Il massaggio è stato usato per trattare i muscoli doloranti e feriti per più di 3000 anni e oggi molti atleti giurano che le pistole per massaggi riabilitano i loro corpi. Ma oltre a far star bene le persone, queste “meccanoterapie” migliorano effettivamente la guarigione dopo un grave infortunio? Secondo un nuovo studio dei ricercatori del Wyss Institute for Biologically Inspired Engineering di Harvard e della John A. Paulson School of Engineering and Applied Sciences (SEAS), la risposta è “sì”.

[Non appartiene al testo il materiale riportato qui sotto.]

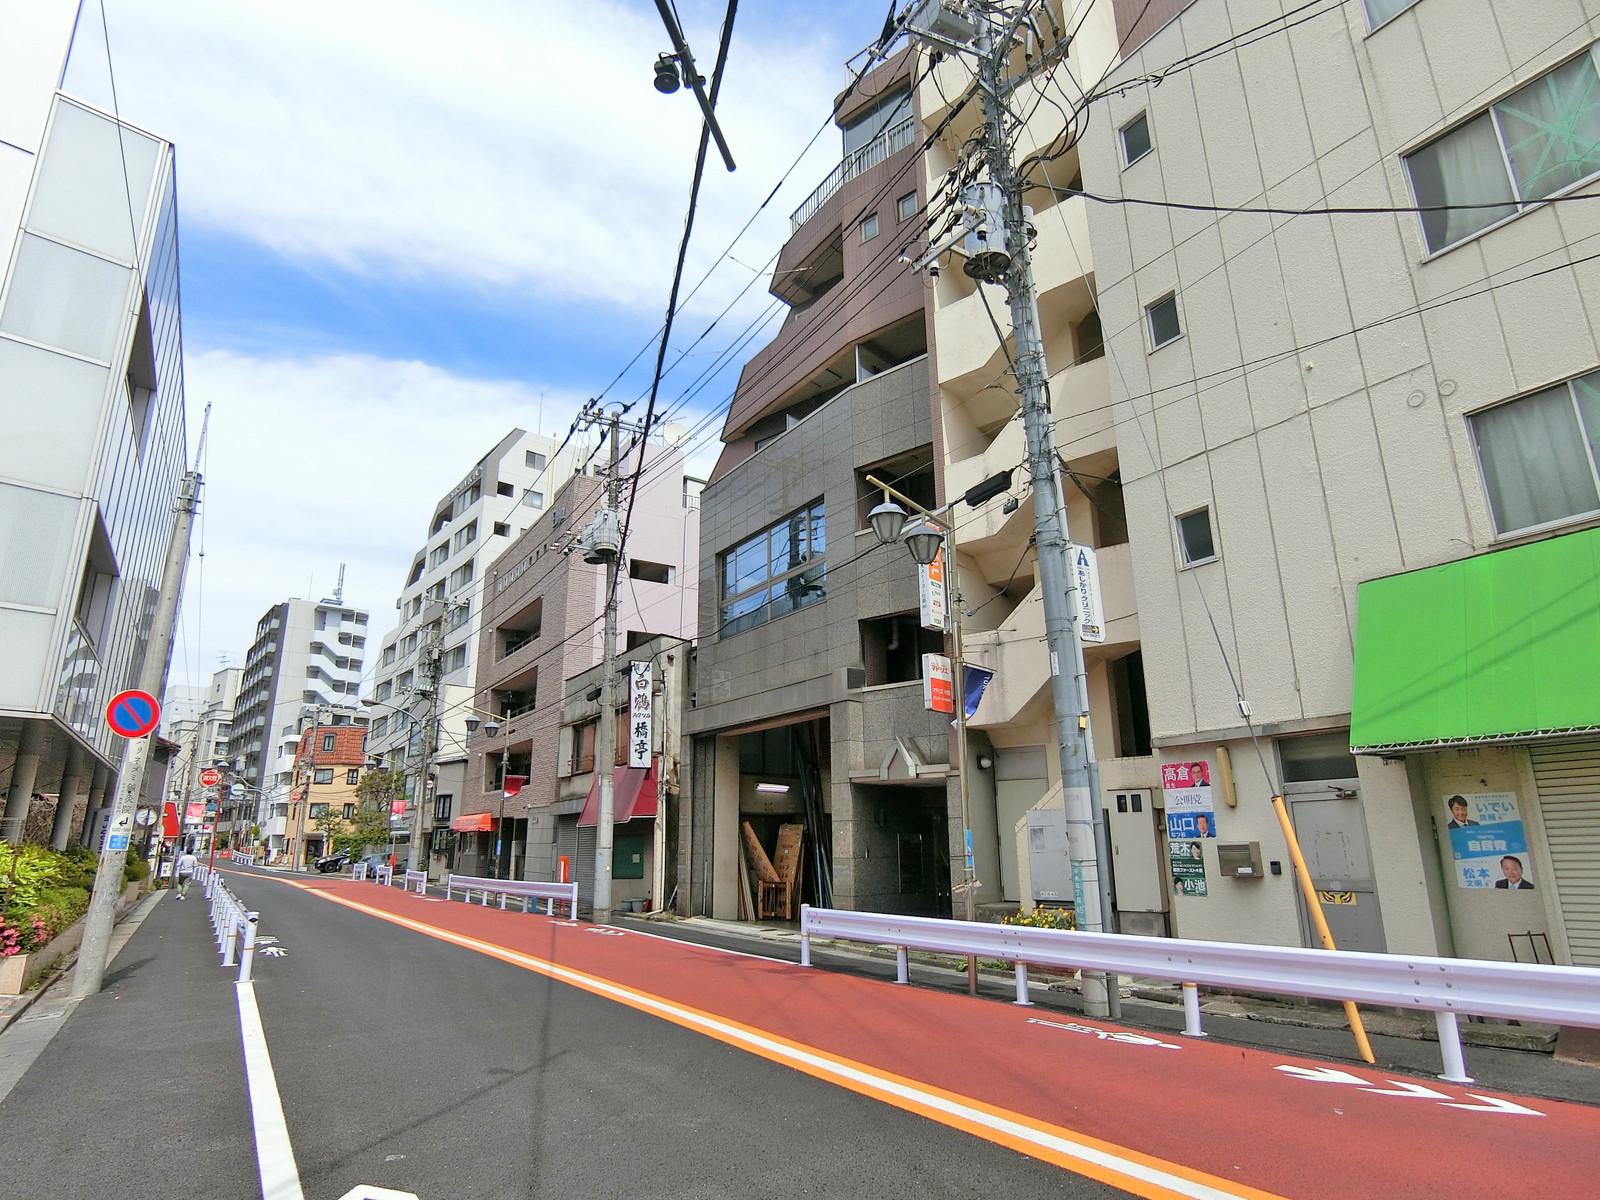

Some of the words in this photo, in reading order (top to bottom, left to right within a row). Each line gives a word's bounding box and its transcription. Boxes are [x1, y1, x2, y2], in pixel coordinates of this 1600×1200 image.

[931, 664, 949, 674] マドリエ
[634, 721, 649, 760] 橋亭
[1163, 766, 1190, 782] 高倉
[1174, 793, 1203, 806] 公明党
[1475, 802, 1516, 813] いでい
[1169, 817, 1195, 831] 山口
[1169, 842, 1190, 854] 荒木
[1468, 839, 1508, 852] 自民党
[1462, 867, 1491, 879] 松本
[1184, 878, 1206, 893] 小池

Utilizzando un sistema robotico progettato su misura per fornire forze di compressione coerenti e regolabili ai muscoli delle gambe dei topi, il team ha scoperto che questo carico meccanico (ML) elimina rapidamente le cellule immunitarie chiamate neutrofili dal tessuto muscolare gravemente ferito. Questo processo ha anche rimosso le citochine infiammatorie rilasciate dai neutrofili dai muscoli, migliorando il processo di rigenerazione delle fibre muscolari. La ricerca è pubblicata su Science Translational Medicine .
“Molte persone hanno cercato di studiare gli effetti benefici del massaggio e di altre meccanoterapia sul corpo, ma fino a quel momento non era stato fatto in modo sistematico e riproducibile. Il nostro lavoro mostra una connessione molto chiara tra stimolazione meccanica e funzione immunitaria. Ciò promette di rigenerare un’ampia varietà di tessuti tra cui ossa, tendini, capelli e pelle e può essere utilizzato anche in pazienti con malattie che impediscono l’uso di interventi basati sui farmaci”, ha affermato il primo autore Bo Ri Seo, Ph.D. ., che è un borsista post-dottorato nel laboratorio del membro della facoltà principale Dave Mooney, Ph.D. al Wyss Institute e SEAS.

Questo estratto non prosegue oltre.